Al convegno di sabato sono previsti gli interventi di Massimo Teodori, storico e politologo; Antonio Landolfi, docente universitario; Dario Fertilio, del Corriere della Sera; Aldo Forbice, presidente nazionale della Fondazione Ignazio Silone. Coordina Paolo Di Vincenzo, giornalista del Centro. Il volume raccoglie gli interventi del convegno tenuto lo scorso anno, il 18 marzo 2006, ma è integrato anche da alcuni testi inediti, come i saggi di Luigi Lombardi Satriani, Angelo Russi e Massimo Teodori. Completano l'antologia tre testi: una lettera della vedova Silone, Darina Laracy; il testo di un discorso di Sergio Zavoli e la testimonianza di un siloniano doc, Ottaviano Del Turco. Di seguito pubblichiamo un ampio stralcio dell'intervento di Aldo Forbice, dal titolo «Avversario tenace di ogni forma di autoritarismo» in cui l'autore disegna un ritratto a tutto tondo dello scrittore marsicano (a cominciare dal suo solido anticomunismo e antifascismo) per confutare le accuse di collaborazionismo con la polizia politica fascista, avanzata dagli storici Biocca e Canali.
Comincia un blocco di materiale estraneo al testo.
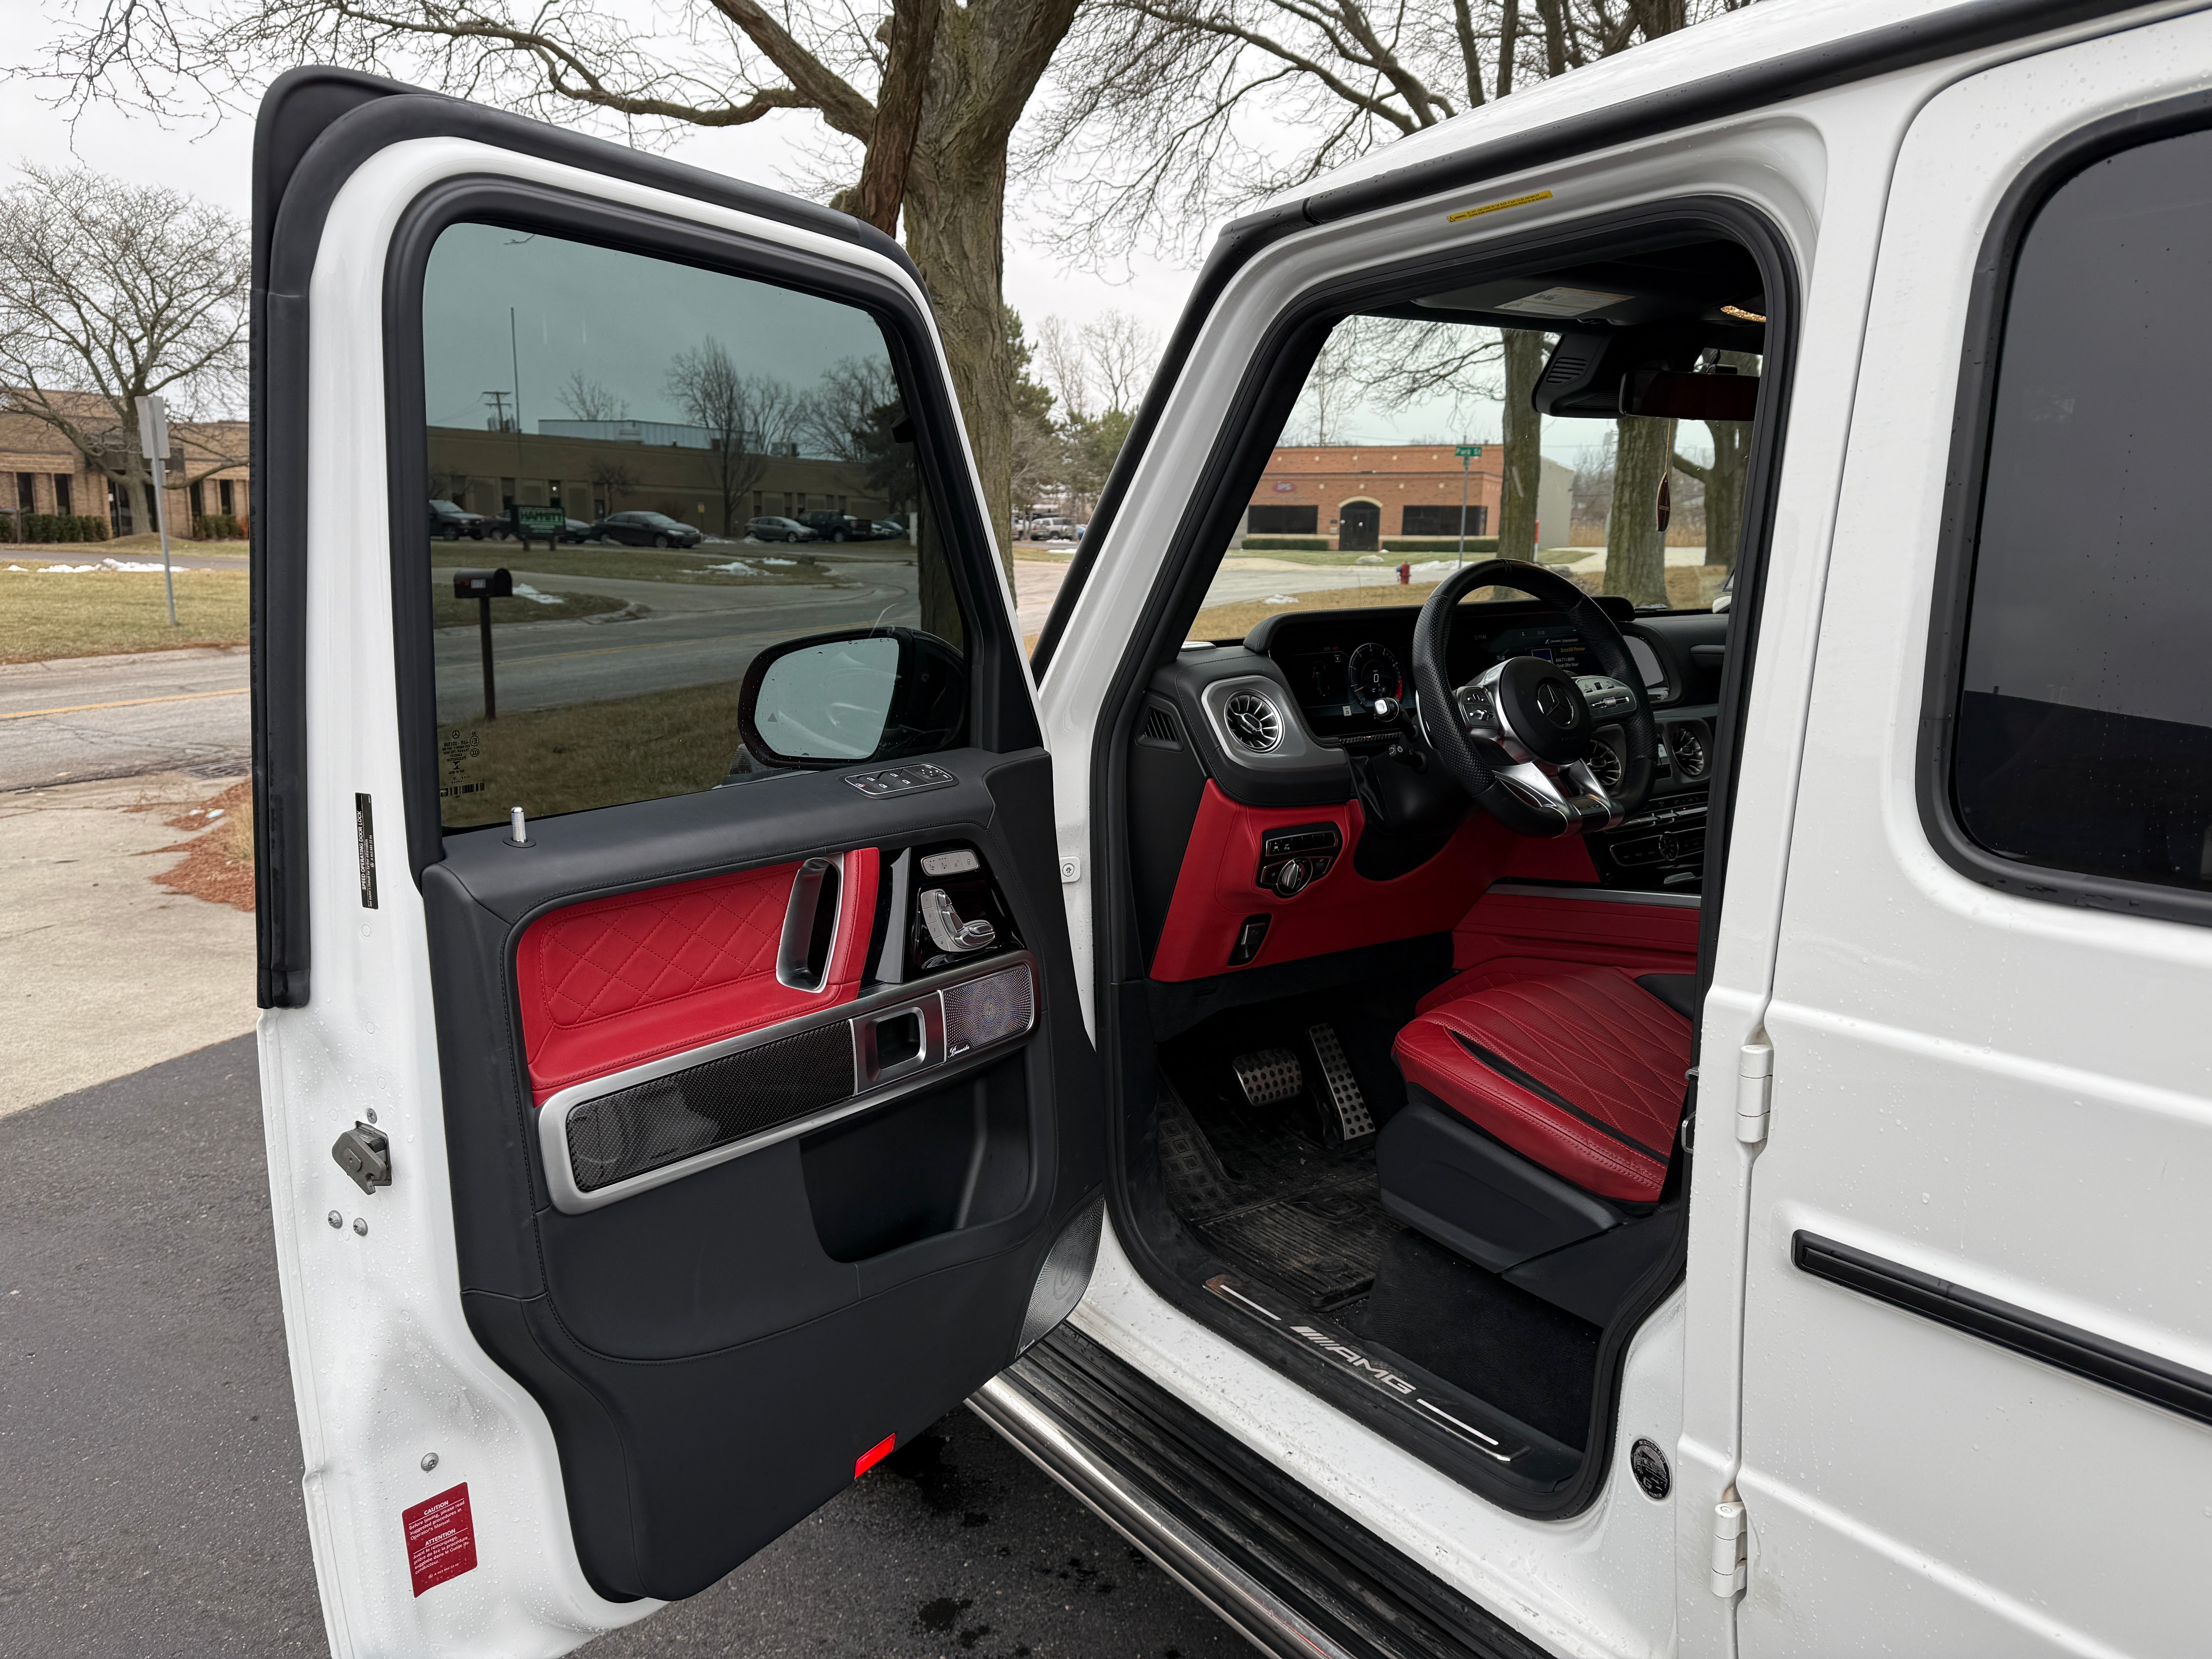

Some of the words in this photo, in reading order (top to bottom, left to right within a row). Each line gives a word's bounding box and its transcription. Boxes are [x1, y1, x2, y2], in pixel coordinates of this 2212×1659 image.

[424, 1500, 449, 1515] CAUTION
[409, 1521, 423, 1530] Before
[441, 1506, 454, 1516] please
[410, 1522, 432, 1535] suggested
[433, 1511, 457, 1525] procedures
[410, 1528, 433, 1540] Operator's
[425, 1528, 456, 1546] ATTENTION
[413, 1551, 425, 1559] Avant
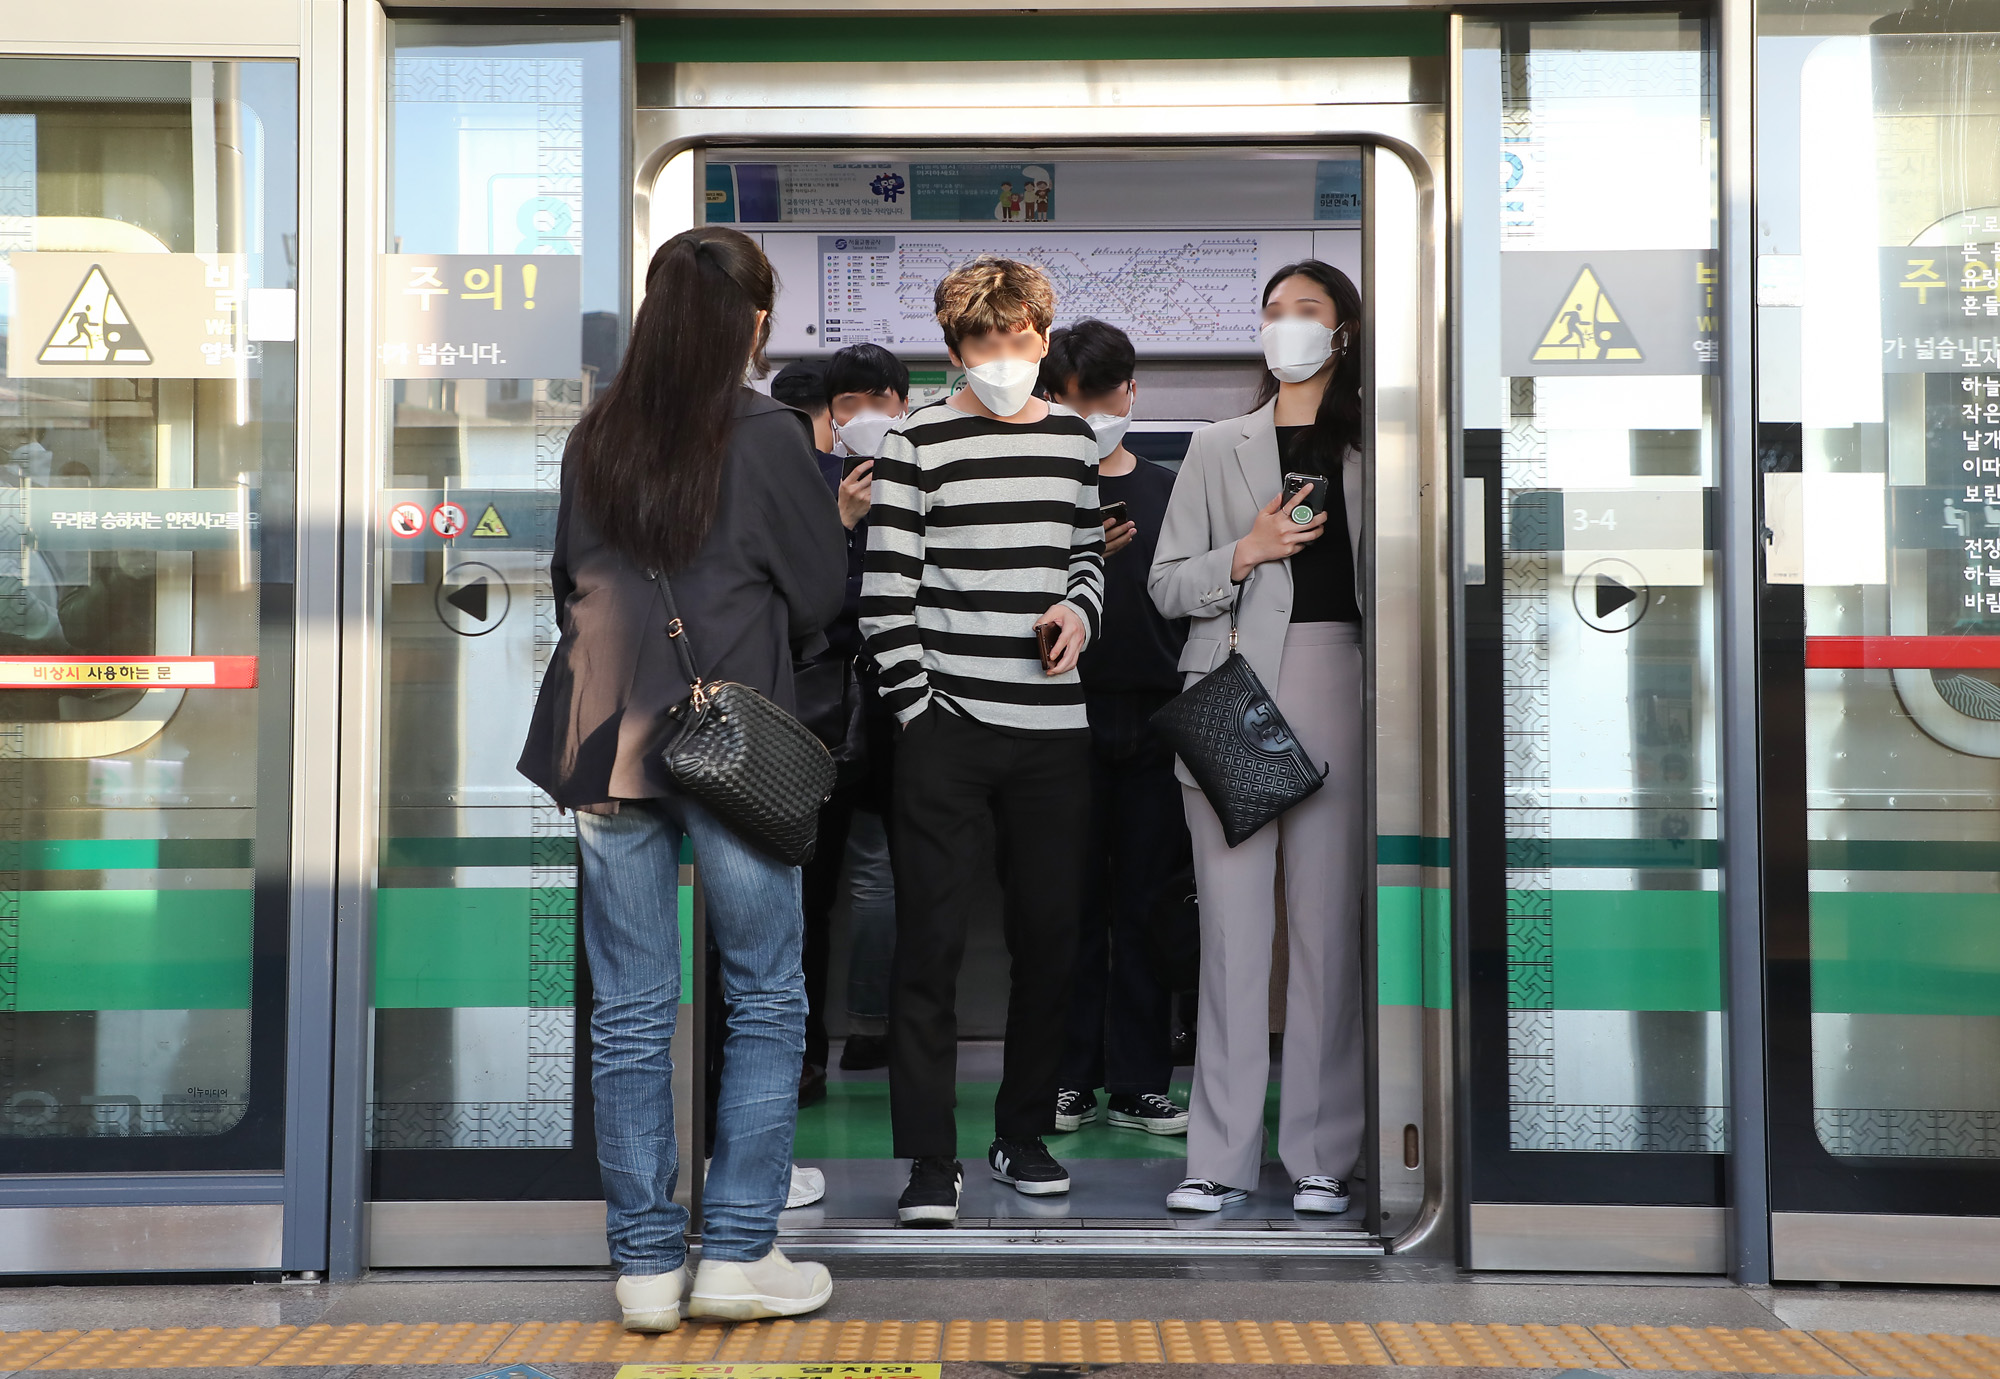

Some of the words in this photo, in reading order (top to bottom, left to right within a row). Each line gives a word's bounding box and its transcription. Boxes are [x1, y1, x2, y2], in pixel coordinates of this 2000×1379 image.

[416, 342, 507, 366] 넓습니다.
[50, 511, 99, 530] 무리한
[100, 511, 163, 530] 승하차는
[1572, 509, 1618, 532] 3-4
[33, 666, 80, 680] 비상시
[87, 665, 150, 681] 사용하는
[157, 666, 171, 681] 문
[187, 1086, 228, 1098] 이누미디어
«Ignazio Silone è indubbiamente uno degli intellettuali più affascinanti del Novecento. Come scrittore è certamente fra i più conosciuti nel mondo. Le sue opere (da Fontamara a Fascismo, Pane e vino, La scuola dei dittatori, Il seme sotto la neve, Uscita di sicurezza, Il segreto di Luca, La volpe e le camelie, L'avventura di un povero cristiano e altre) sono state tradotte in tutte le lingue.
Come politico è certamente un grande maestro di democrazia, di laicismo, di tolleranza, un indiscutibile combattente per la libertà, il socialismo, contro ogni forma di autoritarismo, per l'unificazione dell'Europa. Uno scrittore, un politico inquieto e complesso, che non rinunciò mai a lottare per le idee di giustizia sociale, per difendere la dignità e i diritti dei cafoni del suo Abruzzo e di quelli dei lavoratori della terra di tutto il mondo. Silone si sentiva prestato alla letteratura, era diventato uno scrittore per caso, per ragioni economiche e alla ricerca di uno sfogo, una sorta di terapia, per superare le delusioni e le brucianti sconfitte politiche. Lo ammette lui stesso in vari scritti (articoli, lettere, romanzi, testimonianze). In una lettera a Biemel (2 settembre 1937) scrive:
La creazione artistica, man mano che mi diviene più facile e sicura, mi appare come una funzione naturale, spontanea, inevitabile, insostituibile da me stesso. Tutte le mie esperienze precedenti, che certamente non rinnego, mi appaiono come un tempo di maturazione segreta. Il bisogno di verità e di sincerità che mi ha allontanato dalla politica dei partiti, è l'impulso principale che mi sostiene nel lavoro letterario. Non solo non ho voluto ritrattare niente del mio non conformismo politico precedente, ma credo di averlo approfondito molto, di avergli dato un contenuto che lo rende inconciliabile e irriducibile a tutti i compromessi. La creazione artistica è stata per me una lotta nella quale il mio spirito, liberato da angosce precedenti, allontanato, affrancato, appartato da un mondo confuso ed equivoco, ha cercato di mettere ordine e ha creato un mondo a sé, un mondo semplice, chiaro, evidente, un mondo fittizio ma vero, in tutti i casi più vero del mondo reale e apparente, di cui riproduce la verità nascosta e difesa. (...)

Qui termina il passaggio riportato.